“Un homme vaut autant d'hommes qu'il connaît de langues.”
“A man is worth as many men as the languages he speaks.”
For those new to the topic, this article gives a brief summary of synchronous and asynchronous learning. Then it explores how these learning methods specifically apply to foreign language learning.
What are these learning types, their mediums, and their differences?
The terms “synchronous” and “asynchronous” are derived from two possible learning situations; if the instructor and students are discoursing in real-time, they are in “sync”; if they are interacting at different times, they are out of sync, or “a-sync”.
The mediums of synchronous learning are videoconferencing, audioconferencing and online chat protocols. In asynchronous learning, the communication among students and instructors is done on message boards and via email with lag times. The two learning types are not mutually exclusive. When both approaches are used, it is referred to as blended learning.
Instead of discerning the two categories as to which is better, or what are the pros and cons of each, it is better to understand the specific purposes that each serve. Synchronous learning provides for social support and impromptu discussion and learning. The social facet increases psychological arousal and motivation. Asynchronous learning is extremely flexible since it does not have to accommodate more than one schedule. Additionally, the learner has more time to reflect on the content and to formulate his communication, resulting in greater mental engagement with the learning content. (Hrastinski 2008)
How do these learning methods apply to acquiring new languages?
Learning a foreign language poses unique challenges.
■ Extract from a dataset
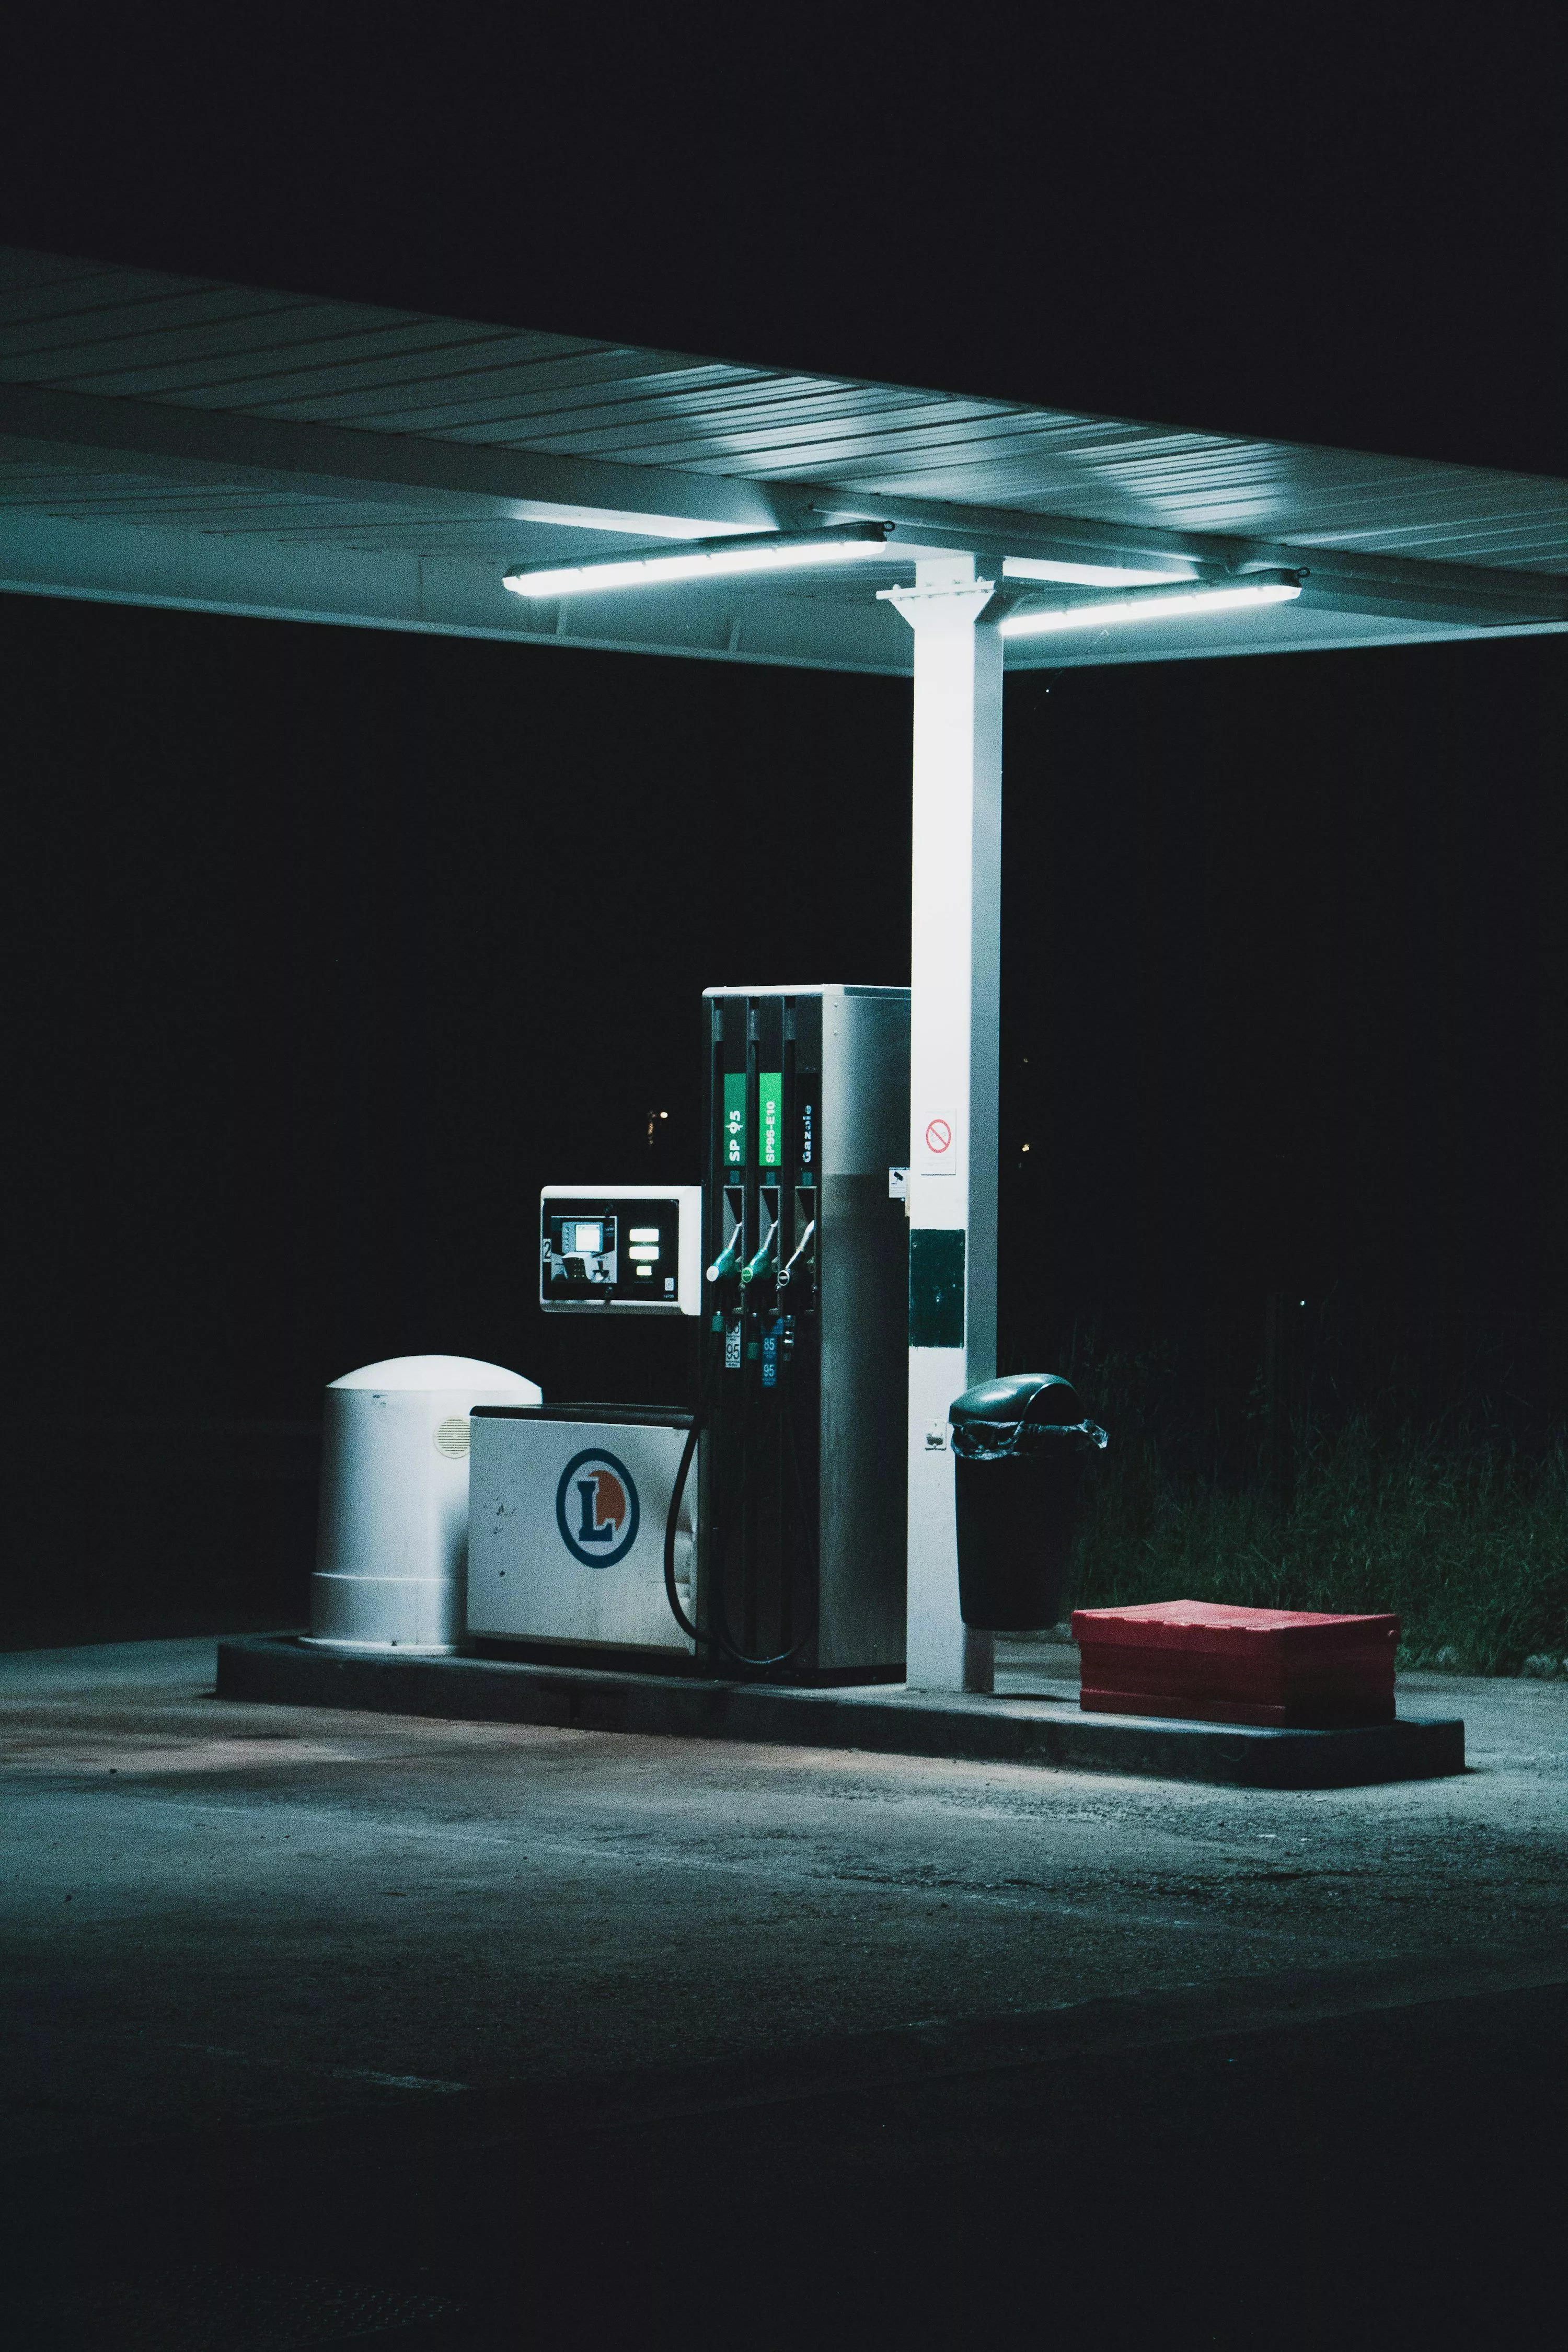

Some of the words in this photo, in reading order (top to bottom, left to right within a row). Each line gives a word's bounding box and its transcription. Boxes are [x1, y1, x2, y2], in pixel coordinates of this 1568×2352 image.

In the social participation range of asynchronous to synchronous to in-person learning, how much language acquisition is possible?
The first answer is that language learning can be accomplished in any of the learning environments discussed thus far. A study of asynchronous language instruction known as “Computer-Assisted Language Learning (CALL)” demonstrated not only that this method was sufficient for language learning, it also provided certain advantages to students. These secondary advantages included a decrease in student anxiety and fear of negative evaluation (McGrath, Johnson 2009). A study by Yuping Wang as far back as 2004 indicated that the limited videoconferencing technology of that time still enabled synchronous learning.
Evidence for the effectiveness of synchronous and asynchronous second language learning does not suggest that you should stop there. Analysis should be done on your specific learning goals for each situation. If you only require foreign language reading and writing abilities, asynchronous programs may suffice. Once communication and social interaction is involved, synchronous environments provide these additional elements. Since the methods are not mutually exclusive, most learning will be blended; one cannot escape from the flexibility afforded by asynchronous learning.
Thus far, what is sufficient for learning a new language has been discussed. When it comes to what is optimal, a new dimension must be incorporated. This new dimension is some form of cultural immersion, whether real or simulated. Hands-on and experiential training maximizes foreign language and cultural competency. Not only is the student’s context widened, immersive activities affect language acquisition positively. Therefore, if your goal is both speed of learning and strength of competency, consider programs that offer more than synchronous and asynchronous learning.